Collection entries:

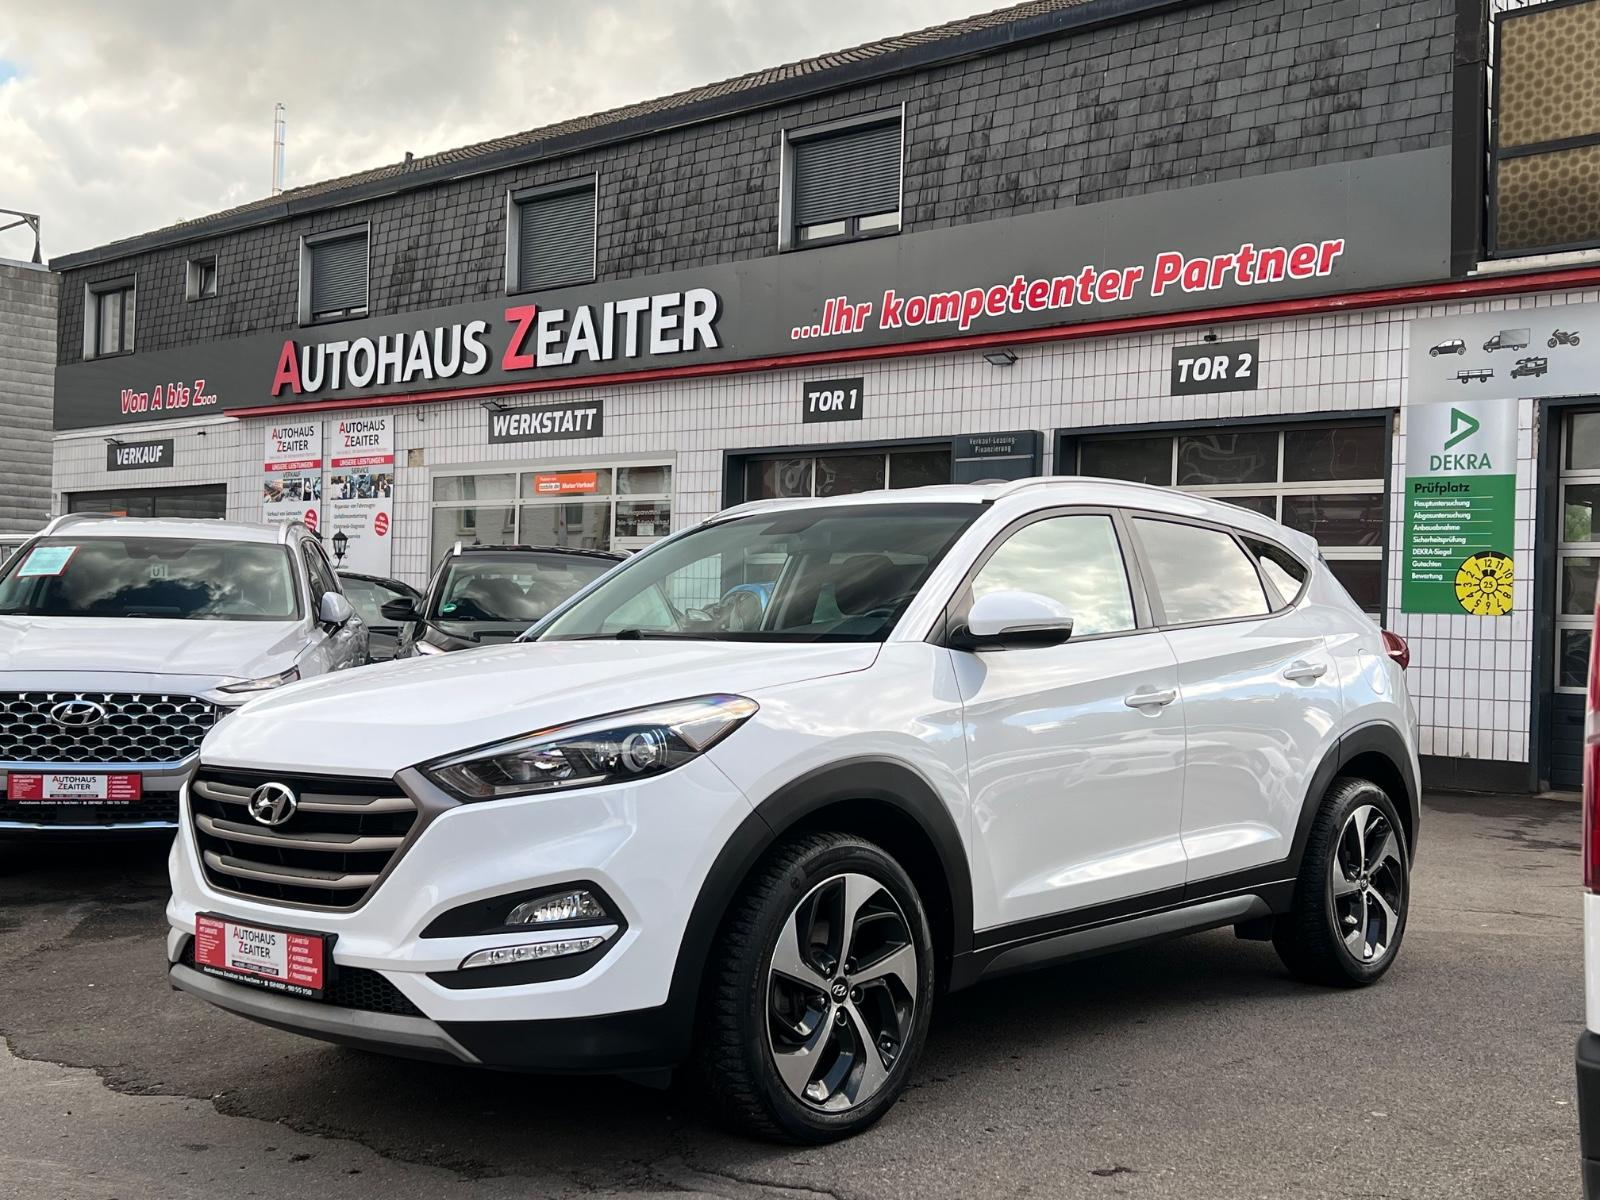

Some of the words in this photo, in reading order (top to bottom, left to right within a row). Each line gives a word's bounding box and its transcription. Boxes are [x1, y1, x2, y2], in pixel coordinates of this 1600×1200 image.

[791, 296, 872, 340] ...Ihr
[879, 264, 1145, 331] kompetenter
[1150, 238, 1346, 297] Partner
[271, 320, 487, 397] AUTOHAUS
[501, 287, 720, 372] ZEAITER
[1177, 355, 1229, 383] TOR
[1234, 353, 1252, 378] 2
[121, 389, 149, 414] Von
[150, 385, 163, 411] A
[166, 382, 190, 409] bis
[808, 390, 845, 413] TOR
[849, 388, 858, 410] 1
[339, 419, 386, 435] AUTOHAUS
[493, 408, 598, 437] WERKSTATT
[272, 425, 314, 440] AUTOHAUS
[276, 440, 309, 453] ZEAITER
[344, 434, 380, 448] ZEAITER
[974, 445, 1012, 453] Finanzierung
[116, 445, 164, 465] VERKAUF
[358, 456, 385, 465] LEISTUNGEN
[288, 461, 314, 469] LEISTUNGEN
[1429, 453, 1492, 472] DEKRA
[351, 466, 370, 474] SERVICE
[1414, 482, 1470, 495] Prüfplatz
[1413, 512, 1471, 520] Abgasuntersuchung
[1412, 536, 1467, 544] Sicherheitsprüfung
[1412, 548, 1452, 556] DEKRA-Siegel
[1475, 563, 1480, 571] 1
[1484, 559, 1492, 568] 12
[1496, 560, 1504, 571] 11
[1411, 572, 1443, 580] Bewertung
[1465, 570, 1475, 578] 2
[1502, 568, 1513, 579] 10
[1502, 591, 1512, 599] 8
[1474, 599, 1481, 608] 5
[1497, 599, 1502, 608] 7
[52, 775, 97, 783] AUTOHAUS
[233, 926, 276, 946] AUTOHAUS
[238, 941, 271, 959] ZEAITER
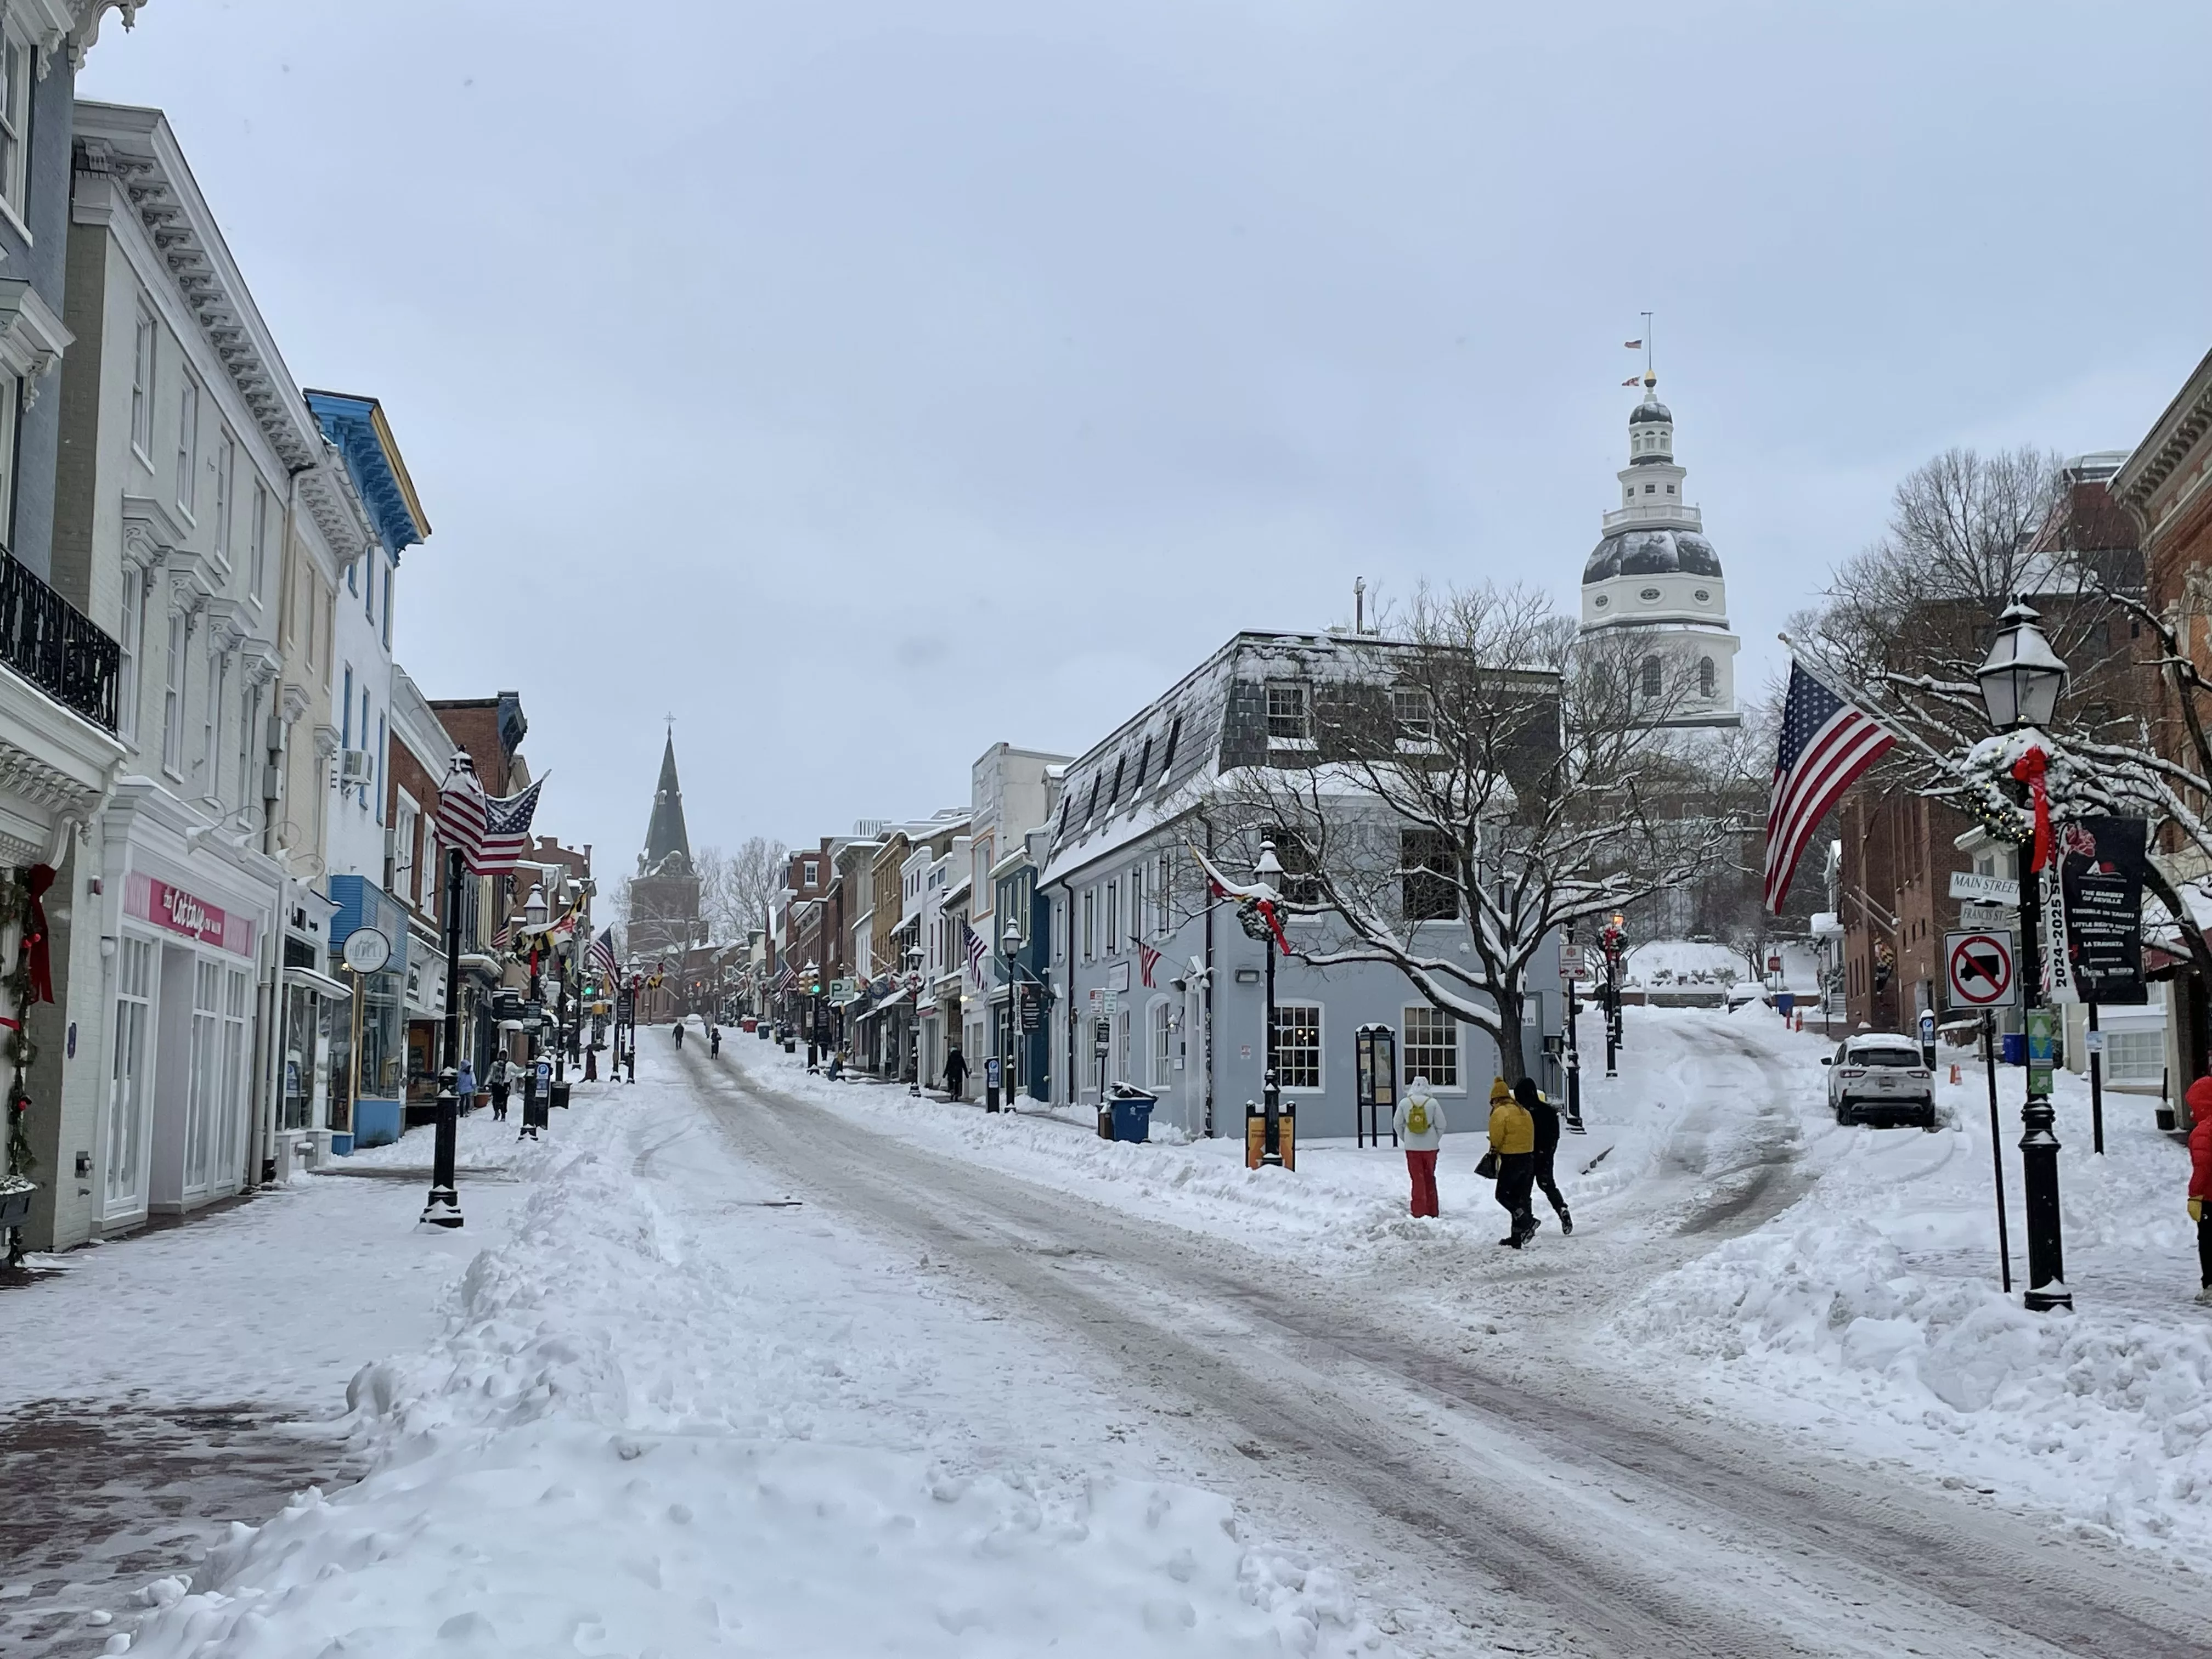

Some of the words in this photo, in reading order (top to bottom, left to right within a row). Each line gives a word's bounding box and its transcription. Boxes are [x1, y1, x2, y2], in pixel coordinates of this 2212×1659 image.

#### Directions for this task
Quote the entries above word for word. Leave the images out.

#### Answer to the problem
Some of the words in this photo, in reading order (top to bottom, left to right within a row). Each line gives a word's bounding box and its transcription. Boxes are [x1, y1, x2, y2], in pixel coordinates of this 1600×1200 image.

[791, 296, 872, 340] ...Ihr
[879, 264, 1145, 331] kompetenter
[1150, 238, 1346, 297] Partner
[271, 320, 487, 397] AUTOHAUS
[501, 287, 720, 372] ZEAITER
[1177, 355, 1229, 383] TOR
[1234, 353, 1252, 378] 2
[121, 389, 149, 414] Von
[150, 385, 163, 411] A
[166, 382, 190, 409] bis
[808, 390, 845, 413] TOR
[849, 388, 858, 410] 1
[339, 419, 386, 435] AUTOHAUS
[493, 408, 598, 437] WERKSTATT
[272, 425, 314, 440] AUTOHAUS
[276, 440, 309, 453] ZEAITER
[344, 434, 380, 448] ZEAITER
[974, 445, 1012, 453] Finanzierung
[116, 445, 164, 465] VERKAUF
[358, 456, 385, 465] LEISTUNGEN
[288, 461, 314, 469] LEISTUNGEN
[1429, 453, 1492, 472] DEKRA
[351, 466, 370, 474] SERVICE
[1414, 482, 1470, 495] Prüfplatz
[1413, 512, 1471, 520] Abgasuntersuchung
[1412, 536, 1467, 544] Sicherheitsprüfung
[1412, 548, 1452, 556] DEKRA-Siegel
[1475, 563, 1480, 571] 1
[1484, 559, 1492, 568] 12
[1496, 560, 1504, 571] 11
[1411, 572, 1443, 580] Bewertung
[1465, 570, 1475, 578] 2
[1502, 568, 1513, 579] 10
[1502, 591, 1512, 599] 8
[1474, 599, 1481, 608] 5
[1497, 599, 1502, 608] 7
[52, 775, 97, 783] AUTOHAUS
[233, 926, 276, 946] AUTOHAUS
[238, 941, 271, 959] ZEAITER

Some of the words in this photo, in reading order (top to bottom, left to right within a row). Each line gives a word's bounding box and its transcription. Boxes are [x1, y1, x2, y2], in pixel coordinates of this 2212×1659 image.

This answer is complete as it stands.